Rationale: To examine the safety and tolerability of a single IV loading dose of lacosamide, given as a 15 minute infusion, followed by oral lacosamide maintenance treatment in subjects with partial-onset seizures currently taking 1-2 antiepileptic drugs. Methods: Consecutive 25-subject cohorts are given three progressively increasing doses of lacosamide (200, 300 or 400 mg) administered IV over 15 minutes. Each cohort receives the loading dose followed by the equivalent daily dose administered orally twice daily for 6.5 days.
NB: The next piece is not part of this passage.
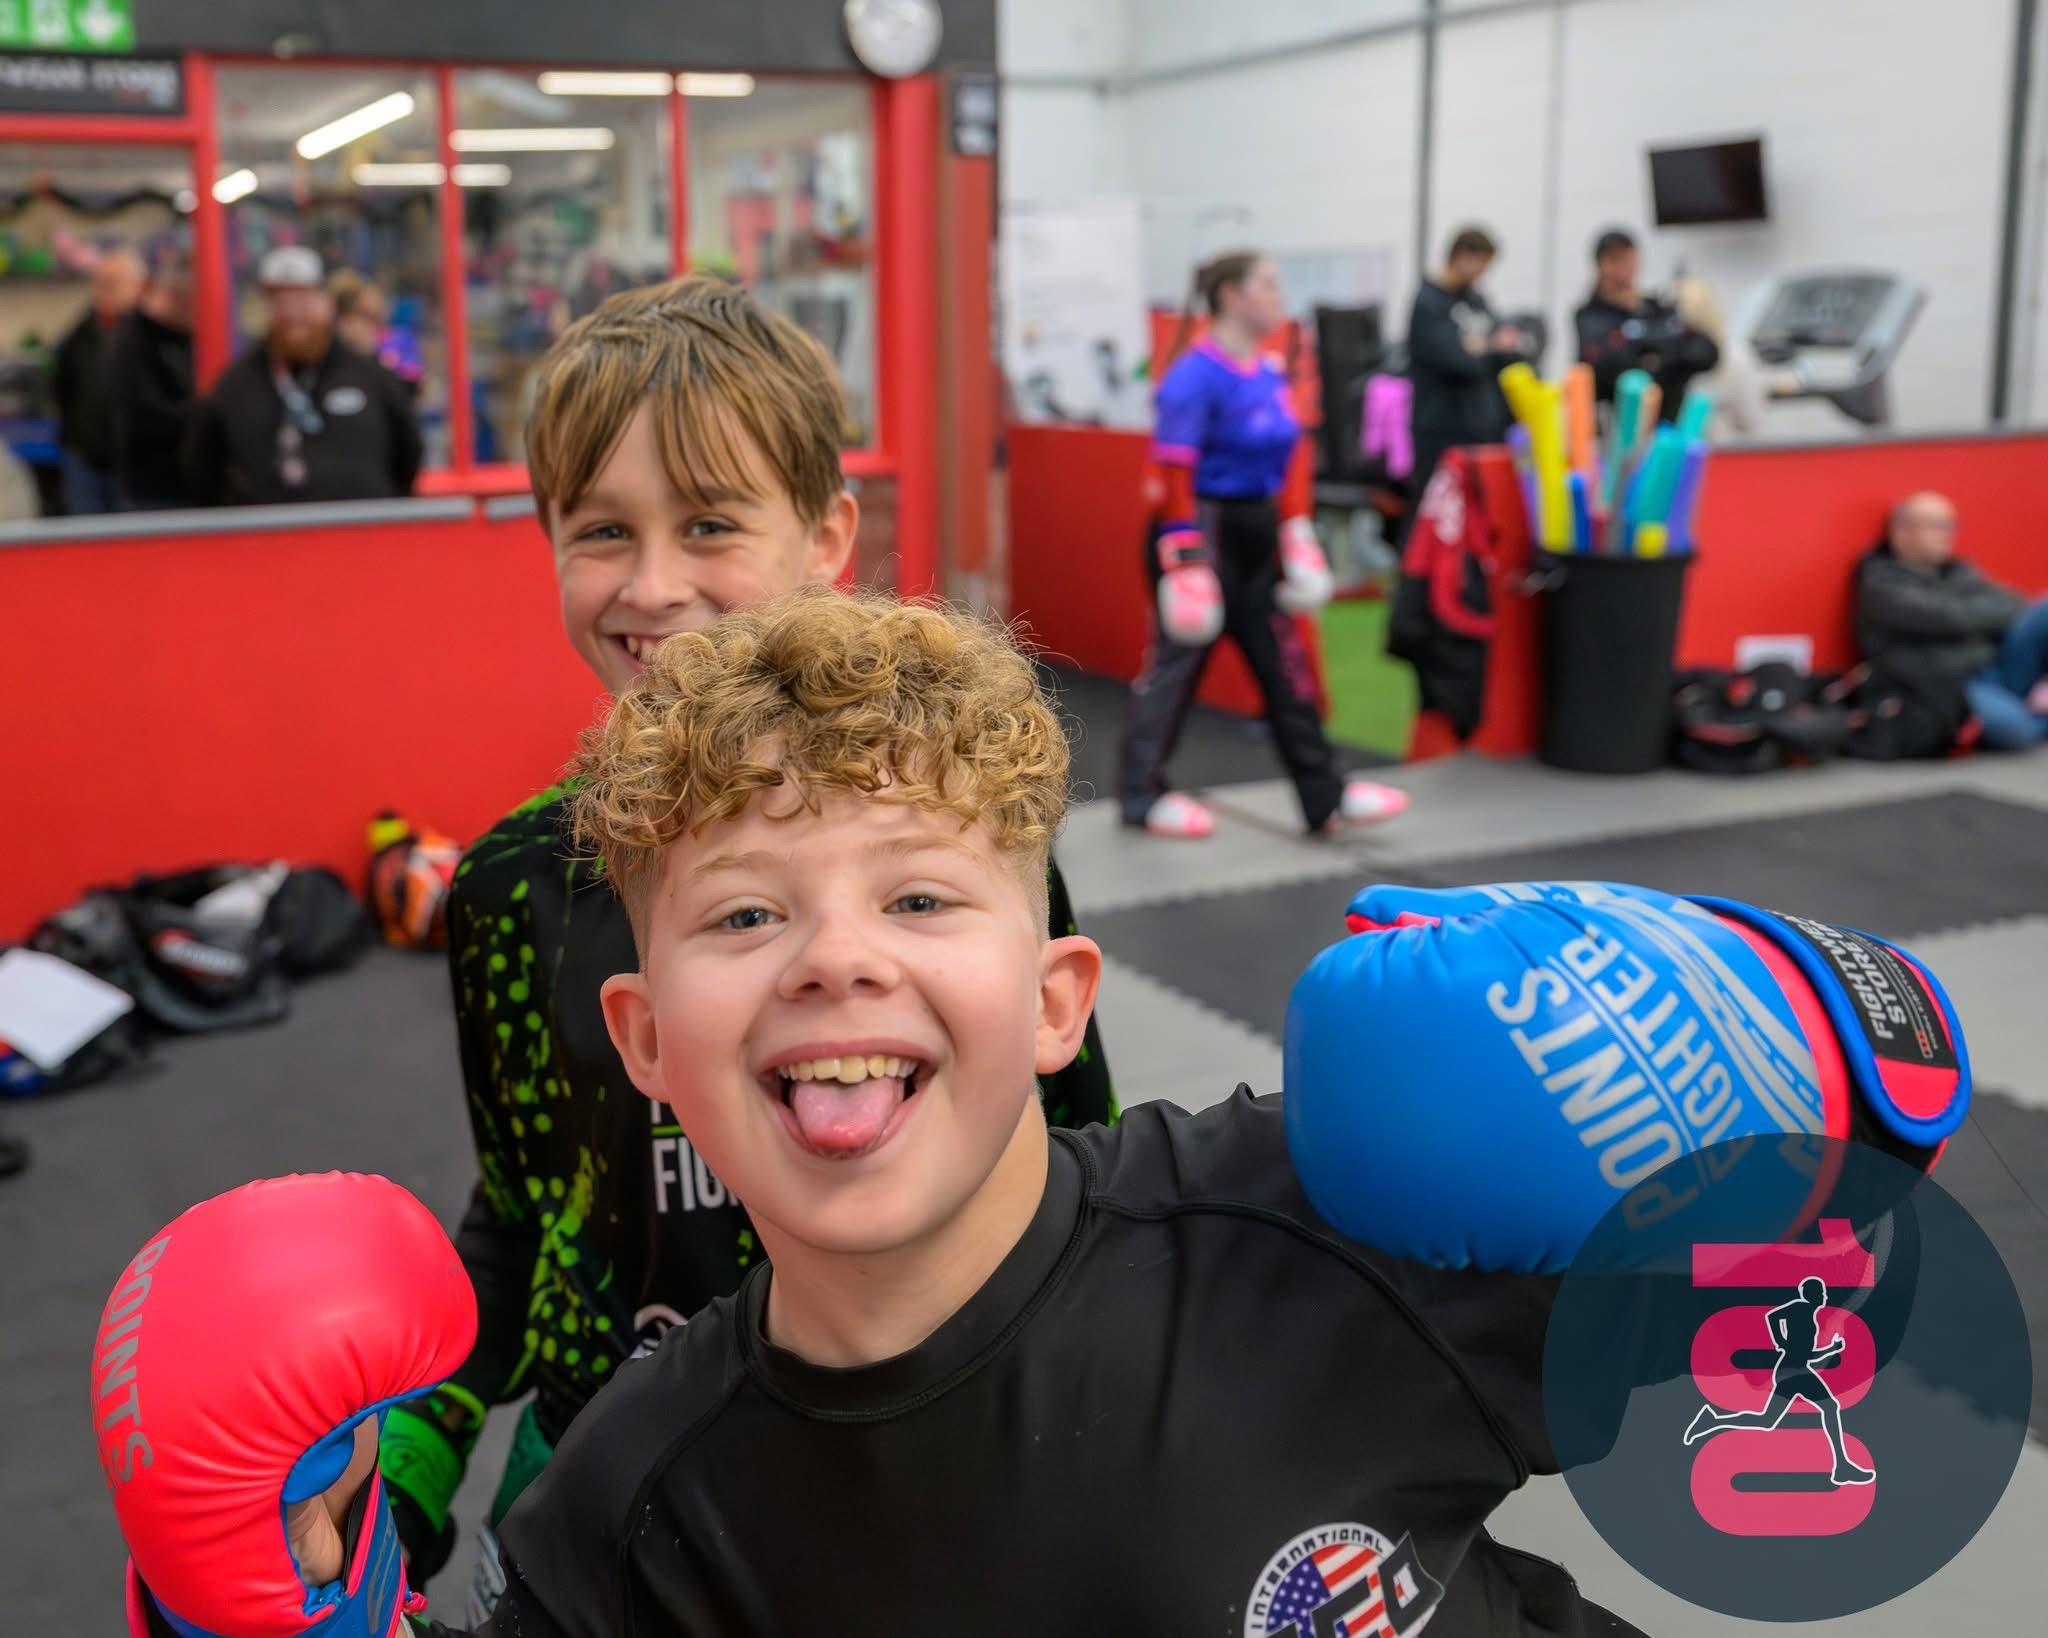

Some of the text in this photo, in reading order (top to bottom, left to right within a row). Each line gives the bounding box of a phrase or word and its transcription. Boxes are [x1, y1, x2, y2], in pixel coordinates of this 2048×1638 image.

The last cohort repeats the highest well tolerated dose to achieve 50 subjects at this dosage. Safety and tolerability data for each cohort are assessed by an independent data monitoring committee (DMC) prior to enrollment of subsequent cohorts. Thus, up to four cohorts are possible. Safety evaluations include adverse events, 12-lead ECGs, vital signs and laboratory parameters. Lacosamide plasma concentrations are measured. Interim results for completed cohorts (1 - 3) are reported. Results: The first three cohorts (200 mg, 300 mg and 400 mg loading dose) have completed. All subjects in cohort 1 (200 mg loading dose) completed the trial. One subject (4%) from the second cohort (300 mg loading dose) and 4 subjects (16%) from the third cohort (400 mg loading dose) withdrew due to adverse events. Lacosamide mean peak plasma concentrations, measured immediately following the 200, 300 and 400 mg loading doses, were 6.33 ± 2.30 μg/mL, 7.19 ± 2.97 μg/mL and 12.23 ± 3.97 μg/mL. Initial trough concentrations measured 12 hours post-infusion and prior to initial oral dosing (3.11 ± 1.39 μg/mL [200 mg load], 3.18 ± 1.48 μg/mL [300 mg load] and 4.41 ± 1.46 μg/mL [400 mg load]) were similar to those measured on Day 2 (3.44 ± 1.53 μg/mL, 3.87 ± 1.77 μg/mL and 4.77 ± 1.46 μg/mL) and Day 8 with b.i.d. oral dosing (3.80 ± 1.50 μg/mL, 4.74 ± 2.61 μg/mL and 5.06 ± 3.04 μg/mL). The dose for the final cohort will be decided based on DMC recommendations. Conclusions: This interim evaluation supports the feasibility of lacosamide loading doses in patients with partial-onset seizures, and shows that these doses provided plasma concentrations similar to steady-state plasma concentrations achieved with 100 mg b.i.d., 150 mg b.i.d. and 200 mg b.i.d. oral doses, respectively. Based on results of these cohorts, enrollment of the fourth, repeat cohort will proceed with the highest well-tolerated loading dose.